Another Gimmick? Cabinet Ordinance For MSMEs Fails to Consider Bank Loan Documentations

Thursday, 26 November 2020


Another Gimmick? Cabinet Ordinance For MSMEs Fails to Consider Bank Loan Documentations

G Plus News | July 04, 2020 15:30 hrs

A slight recapitulation of the claims made by the Minister of Industries and Commerce, Chandra Mohan Patowary, would bring to the mind the Namami Brahmaputra. 

The tall claim then was that the Brahmaputra would be dredged from Sadiya to Dhubri; national highways would be constructed on the banks of the mighty river. Experts had then and even now rubbished the claim terming such an exercise impossible. Claims were again made during Advantage Assam leading the people of Guwahati to have visions of river taxis dropping people off at the airport. 
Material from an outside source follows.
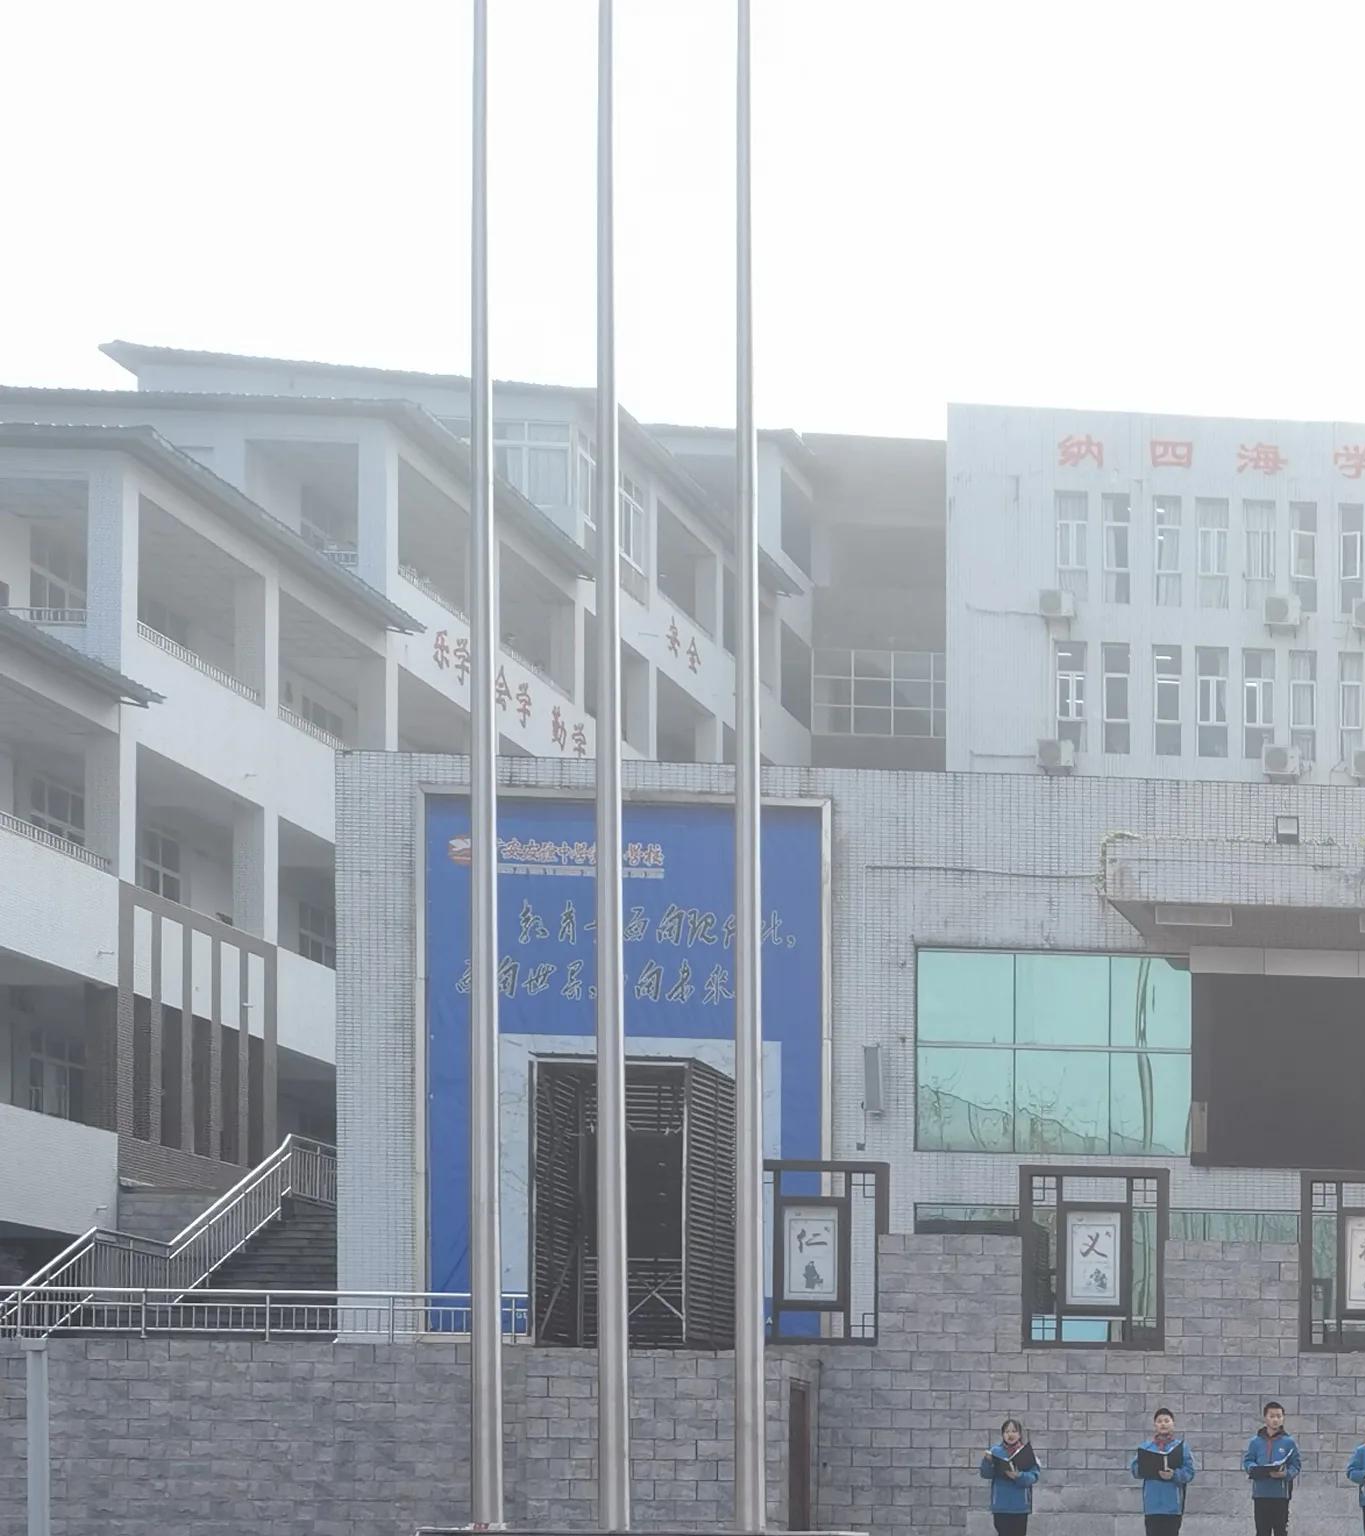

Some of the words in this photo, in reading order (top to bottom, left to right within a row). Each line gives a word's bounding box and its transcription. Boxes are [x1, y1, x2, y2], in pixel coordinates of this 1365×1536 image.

It is no wonder now that Patowary’s latest claims on industrial development in the state since 2016 are mostly looked at as nothing but gimmicks.

His latest recent move which has created a controversy in the state is a cabinet ordinance which allows use (and conversion) of land for micro, small, and medium (MSME) enterprises to set up industries on the basis of just a self-declaration — without the requirement of any “permission, clearance or licence” for three years. The ordinance is yet to be notified or receive the Governor’s assent. 

But the announcement has drawn criticism from the Opposition as well as from various other organisations in the state. Though the decision raised questions regarding environmental hazards and indigenous land rights, the main question that arises is whether the ordinance will help the people of Assam in any manner?

Activist and senior journalist, Manjit Mahanta talking to G Plus said, “It is another nautanki of the Assam government. They might have come up with this ordinance but how will the people of Assam get finance to start their industries? Has any thought been given to that?” 

Mahanta said that a self-declaration might help them avoid seeking permissions from the various government departments but the banks will surely require all these documents and permissions to sanction their loans. 

A city-based bank manager, talking to G Plus under condition of anonymity, said that the banks will require all the documents and collaterals for providing loans. He said that as the ordinance is not yet notified, the banks are unaware of it to that extent. But even if it is notified, the banks follow a particular process for providing loans and they cannot compromise on their documentation processes. 

Reacting to this issue, cabinet minister Chandra Mohan Patowary, during a press conference held on Friday last said that he can just ask the banks to provide loans to the Assamese entrepreneurs.  

Allegations have apparently now surfaced mainly from organisations opposing the ordinance that the minister has taken a U-Turn on certain factors of the ordinance after protests broke out across the state.  

Manjit Mahanta said that initially when the ordinance was announced Patowary had claimed that lands held by indigenous people could be given to outsiders and with a self-declaration, MSME industries could be set up. But during the press conference held on 3rd July, the minister said that only land owners of Assam could set up industries. Patowary also said, “Land cannot be sold and agricultural land cannot be used for setting up industry.” He also claimed that heavy industries cannot be set up with a simple self-declaration. 

Till 3rd July, these things found no mention. Thus it is surmised that Patowary has taken a U-Turn after witnessing state-wide protests against the ordinance. 

A person has to self-declare that he is setting up an industry at a particular location owned by him. The applicant has to file the declaration in the form of an application either online or physically to the office of the Commissioner of Industries. 

“After checking the application, the Commissioner of Industries will acknowledge the self-declaration. That acknowledgement letter will itself be a license to start the industry,” said Patowary adding that after three years the owner of that industry will get a time of 6 months to procure all the permissions and documents which are otherwise required.  

On enquiring why the ordinance was passed so hurriedly and during a time when people are suffering because of the pandemic in the state, the minister said that because of the pandemic many people who were working outside have returned to their native places. Such people might think of settling down here and starting a business or a small industry. This ordinance, according to him, will help them. 

There might be opposition about environmental hazards and indigenous land rights because of the ordinance but the main question remains is where will people get finance to start the MSME industries? 

Will banks not require the documents or other collaterals before providing loans for the purpose? Will the government answer these questions or keep promoting schemes and ordinances which are mostly being viewed as gimmicks for the upcoming assembly election?